By the end of the war, Hall's farm had been largely destroyed after years of Union occupation. He applied for compensation through the Southern Claims Commission, for which he received $10,729.68 on June 15, 1872; he had originally sought 4 times that amount. Financially ruined, Hall started selling parcels of his farm at a loss to former slaves from rural Virginia and Maryland. These early residents found work in nearby farms, as well as in Washington as domestic servants and laborers, which was made possible by the W&OD Railway stop located nearby that offered commuter trolley services. This community took on the name of Hall's Hill after the elevation Bazil had named over a decade earlier, and became Arlington's second African American neighborhood established after Freedman's Village.

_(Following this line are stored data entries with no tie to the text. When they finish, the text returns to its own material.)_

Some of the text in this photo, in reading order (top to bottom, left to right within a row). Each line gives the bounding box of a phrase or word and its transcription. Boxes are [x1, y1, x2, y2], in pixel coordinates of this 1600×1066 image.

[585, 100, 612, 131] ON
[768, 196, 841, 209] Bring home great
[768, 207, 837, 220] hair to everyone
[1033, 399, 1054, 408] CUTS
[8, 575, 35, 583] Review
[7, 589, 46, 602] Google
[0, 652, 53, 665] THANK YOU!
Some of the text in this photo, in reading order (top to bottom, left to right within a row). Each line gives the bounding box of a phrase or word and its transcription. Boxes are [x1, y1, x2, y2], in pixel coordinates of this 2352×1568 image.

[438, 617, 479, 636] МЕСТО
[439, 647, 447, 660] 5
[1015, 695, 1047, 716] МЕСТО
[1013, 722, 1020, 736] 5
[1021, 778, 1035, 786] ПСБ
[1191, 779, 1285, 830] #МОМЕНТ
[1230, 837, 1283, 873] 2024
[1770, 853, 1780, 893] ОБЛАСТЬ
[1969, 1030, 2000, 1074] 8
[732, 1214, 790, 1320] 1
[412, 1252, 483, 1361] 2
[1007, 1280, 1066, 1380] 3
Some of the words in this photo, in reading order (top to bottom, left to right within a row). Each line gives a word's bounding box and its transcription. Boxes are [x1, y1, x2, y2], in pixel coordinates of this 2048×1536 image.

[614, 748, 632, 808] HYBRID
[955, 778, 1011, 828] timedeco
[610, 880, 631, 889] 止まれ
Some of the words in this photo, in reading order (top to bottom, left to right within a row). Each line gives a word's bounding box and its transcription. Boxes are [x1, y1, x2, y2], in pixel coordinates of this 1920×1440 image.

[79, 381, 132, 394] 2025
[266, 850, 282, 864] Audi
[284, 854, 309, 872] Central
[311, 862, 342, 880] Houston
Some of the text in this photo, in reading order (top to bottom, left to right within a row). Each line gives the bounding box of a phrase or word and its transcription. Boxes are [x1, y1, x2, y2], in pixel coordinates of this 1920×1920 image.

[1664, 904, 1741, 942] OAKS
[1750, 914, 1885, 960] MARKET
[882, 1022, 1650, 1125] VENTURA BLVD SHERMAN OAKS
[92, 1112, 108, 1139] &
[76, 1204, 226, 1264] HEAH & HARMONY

The character of early Hall's Hill was semi-rural, with many owning larger lots where they engaged in farming and animal husbandry to supplant their income. By 1868, the community's first church and a one-room schoolhouse had been established. Hall's Hill was isolated from other black settlements in Arlington, such as Green Valley and Freedman's Village in Arlington's southern half. Beyond Langston Boulevard, then known as Georgetown and Fairfax Road and Hall's Hill's main thoroughfare, the neighborhood's dirt roads did not connect well with the broader Arlington road network, which may have been to intentionally insulate the community from white farmers in the surrounding region.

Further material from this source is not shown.